Antes de mudarme a una ciudad más tranquila y pequeña (pueblo, dice mi madre), escuchaba a mis conocidos quejarse del tráfico que saturaba mi anterior ciudad de residencia: autos saltándose el semáforo en rojo, ignorando altos, estacionándose en la acera, etc. Tambien oía a otros conocidos aficionados a las bicicletas quejarse de los autos, pero también de los peatones, que no los dejan pedalear cómodamente; y también de los peatones (entre los cuales me cuento) quejándose de los autos y de las bicis, por pasar volando junto a ellos e ignorarlos completamente.
En otras palabras: todos pensamos que todos son idiotas.

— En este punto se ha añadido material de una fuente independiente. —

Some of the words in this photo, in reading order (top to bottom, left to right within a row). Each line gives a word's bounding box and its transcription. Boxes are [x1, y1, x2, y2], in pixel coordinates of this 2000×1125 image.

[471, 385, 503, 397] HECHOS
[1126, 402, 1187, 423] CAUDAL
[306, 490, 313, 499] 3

Cuando vamos a pie, en bici o en auto, nos comportamos de manera diferente y percibimos a los demás de manera diferente. Así pues, no es que todos seamos o no seamos idiotas (aunque algunos sí se lucen), o que todos lo pensemos de todos; sino que, por ejemplo, todos actuamos de forma diferente tras el volante.

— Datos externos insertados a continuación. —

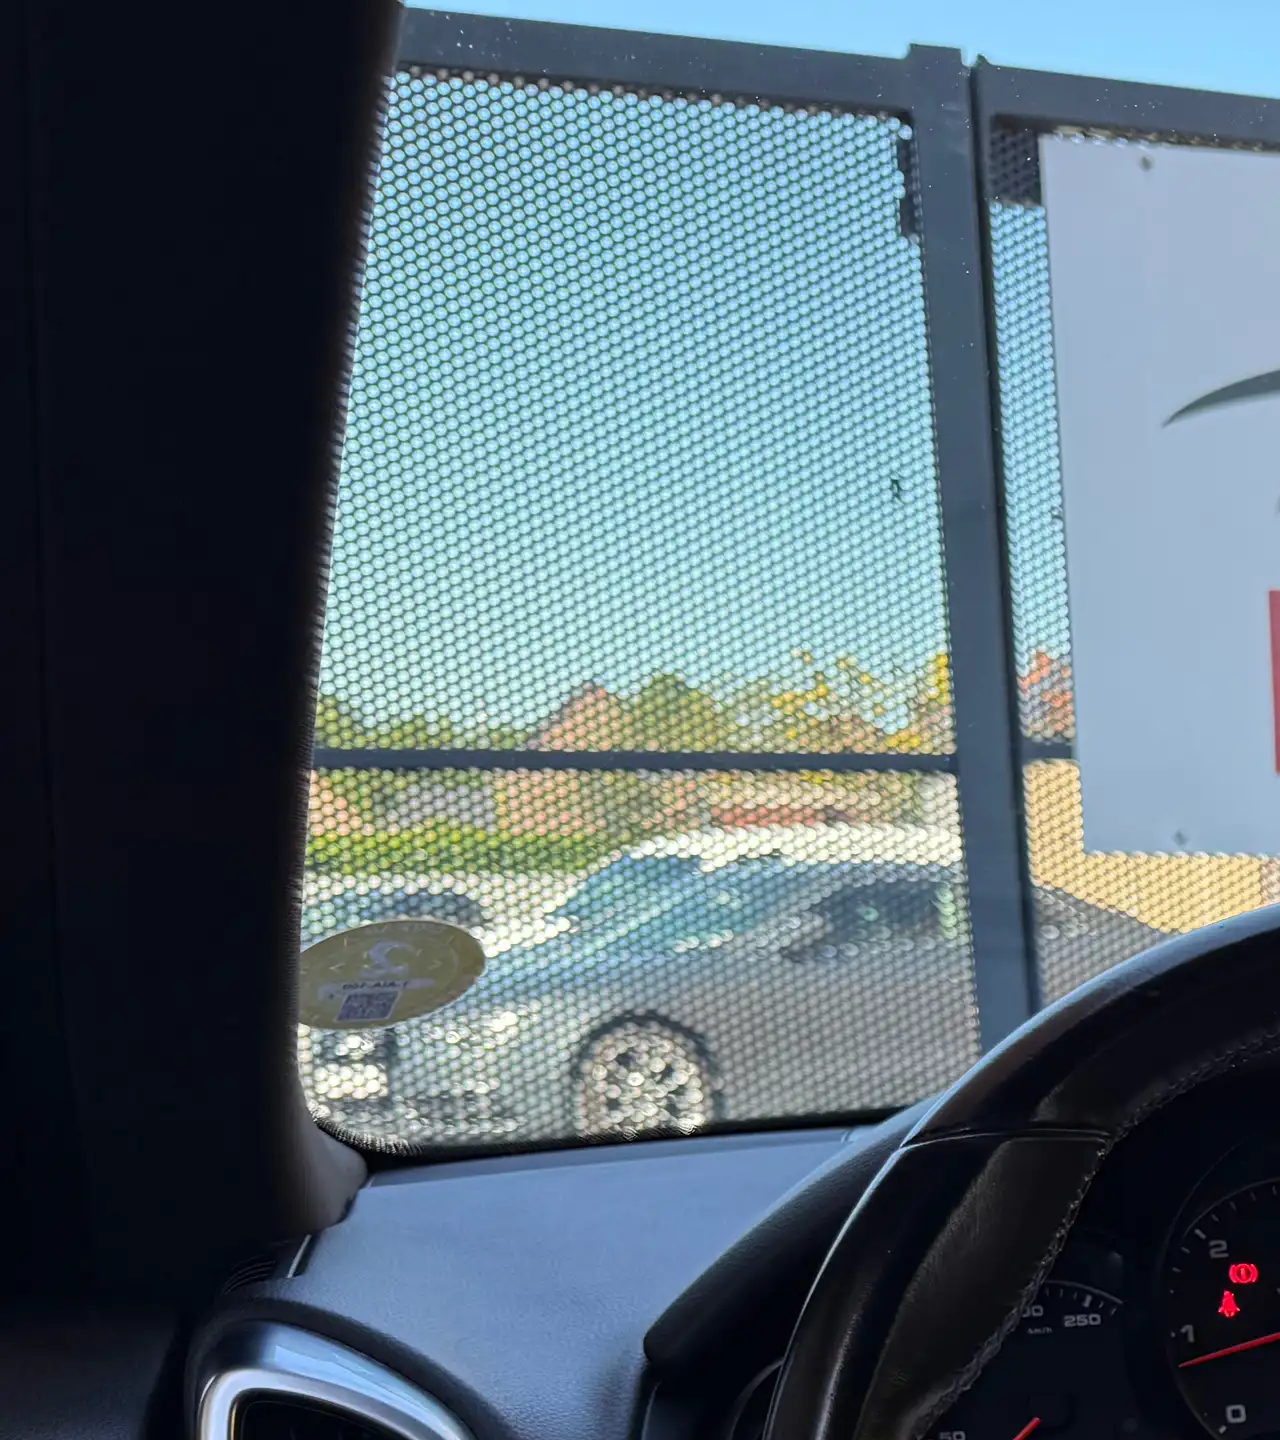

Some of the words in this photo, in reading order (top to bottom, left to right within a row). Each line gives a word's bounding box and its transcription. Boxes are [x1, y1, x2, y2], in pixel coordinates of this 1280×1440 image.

[1208, 1240, 1229, 1258] 2
[1064, 1312, 1102, 1328] 250
[1180, 1326, 1195, 1344] 1
[1226, 1406, 1246, 1424] 0

Cuando un conductor deja de ser peatón, es capaz de percibir las arbitrariedades que cometen los peatones (saltarse un semáforo peatonal, cruzarse a mitad de la cuadra y no en la esquina).
El peatón, por su parte, percibe que el conductor es demasiado agresivo o que tiene demasiada prisa, cuando no debería quejarse tanto si va cómodamente sentado.

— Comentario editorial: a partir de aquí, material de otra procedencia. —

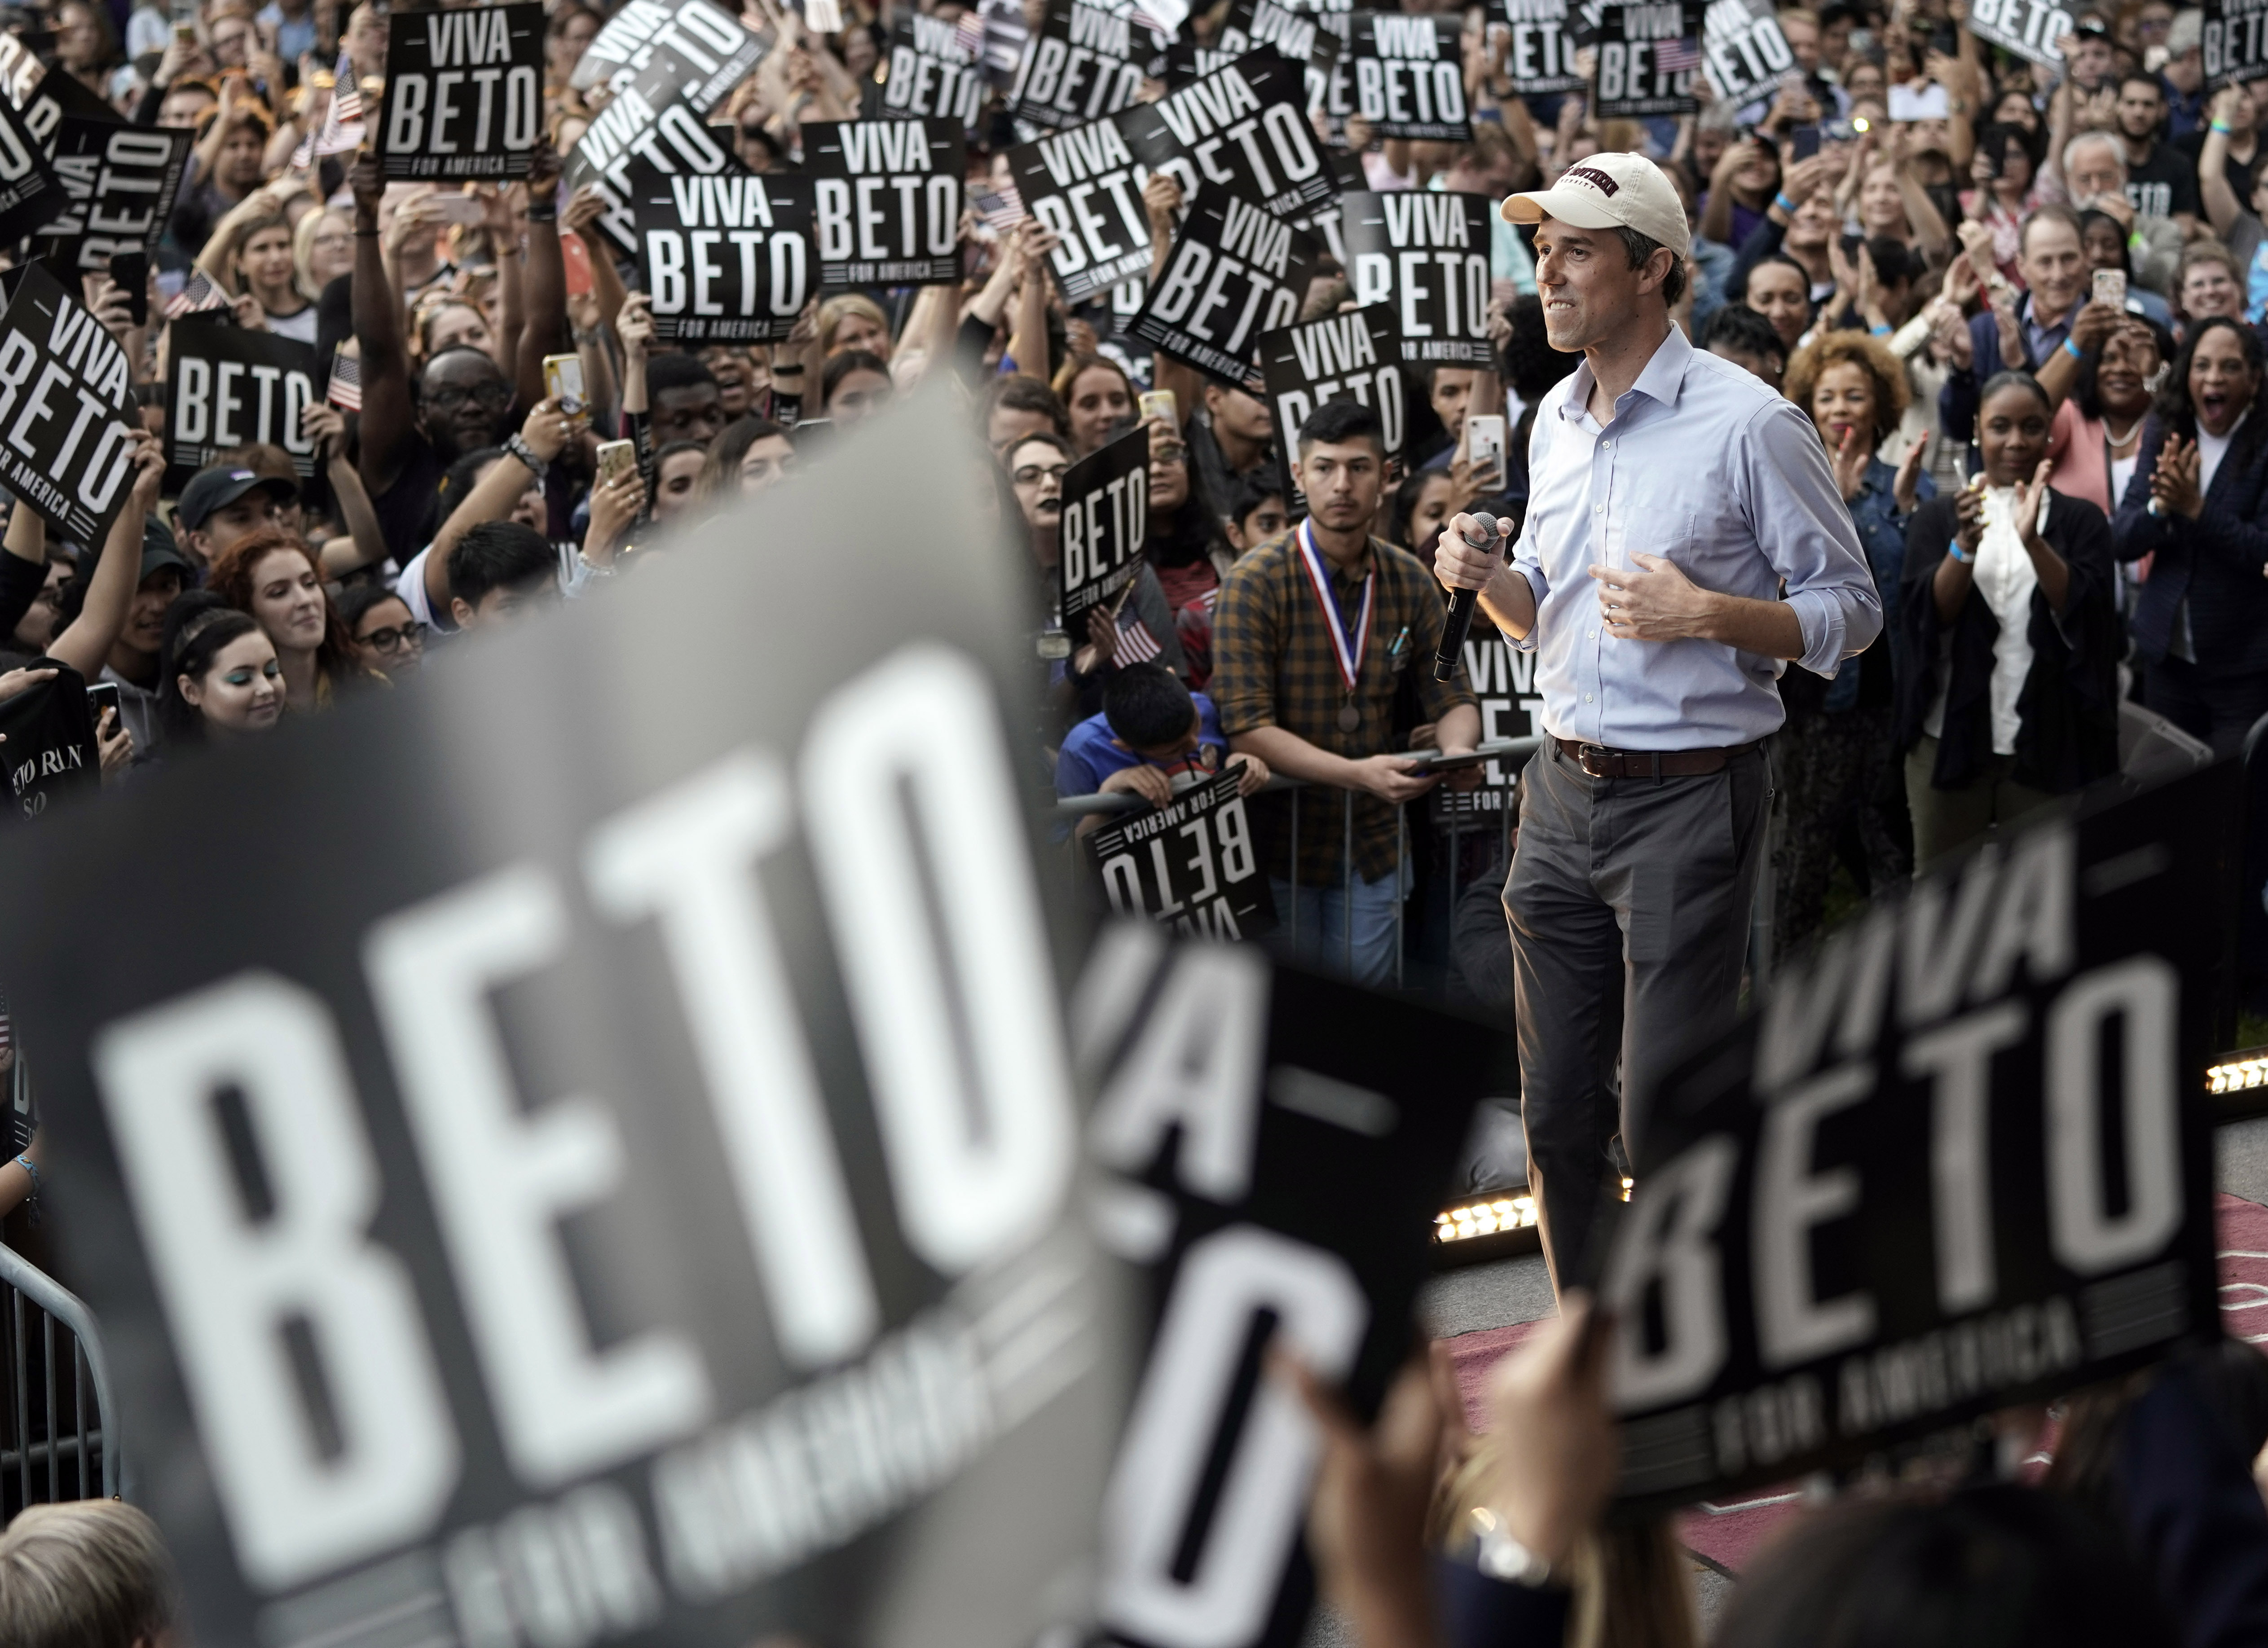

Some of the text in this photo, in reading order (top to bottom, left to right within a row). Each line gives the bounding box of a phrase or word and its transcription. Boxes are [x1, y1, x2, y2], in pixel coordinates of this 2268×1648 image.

[427, 9, 512, 68] VIVA
[1069, 2, 1131, 61] VIVA
[1373, 15, 1439, 60] VIVA
[1702, 16, 1793, 101] ETO
[385, 66, 537, 154] BETO
[885, 45, 985, 127] BETO
[1028, 35, 1146, 120] BETO
[1155, 65, 1261, 147] VIVA
[1356, 57, 1466, 124] BETO
[412, 155, 505, 176] FOR AMERICA
[578, 85, 656, 172] VIVA
[838, 119, 933, 175] VIVA
[1038, 117, 1134, 187] VIVA
[76, 130, 173, 269] BETO
[671, 176, 774, 227] VIVA
[815, 175, 959, 262] BETO
[1219, 195, 1292, 279] VIVA
[1382, 193, 1471, 250] VIVA
[646, 229, 807, 316] BETO
[848, 262, 875, 284] FOR
[1149, 239, 1298, 354] BETO
[1355, 250, 1491, 339] BETO
[48, 294, 129, 411] VIVA
[677, 319, 771, 338] FOR AMERICA
[1290, 311, 1378, 382] VIVA
[0, 327, 137, 514] BETO
[175, 357, 317, 454] BETO
[1277, 365, 1404, 480] BO
[10, 461, 72, 521] AMERICA
[1064, 466, 1145, 593] BETO
[1463, 639, 1543, 694] VIV
[1123, 787, 1216, 844] FOR AMERICA
[1472, 791, 1502, 811] FOR
[1102, 797, 1257, 923] BETO
[1749, 815, 2083, 1100] VIVA
[90, 640, 1078, 1598] BETO
[1605, 949, 2189, 1416] BETO

Y el ciclista, por supuesto, se cree superior moralmente al conductor, y considera que puede pasar por más sitios de los asignados porque es la eterna víctima de la red vial.
Lo cual nos dice que los idiotas son idiotas ya sea en un auto, en bici o a pie, pero no debemos generalizar.
----------------- ¿Y ustedes qué opinan?

4 comentarios:
Buen divague, esto ya está más que demostrado...
"Cuando penso?"...
Ya lo corregí, gracias por el aviso.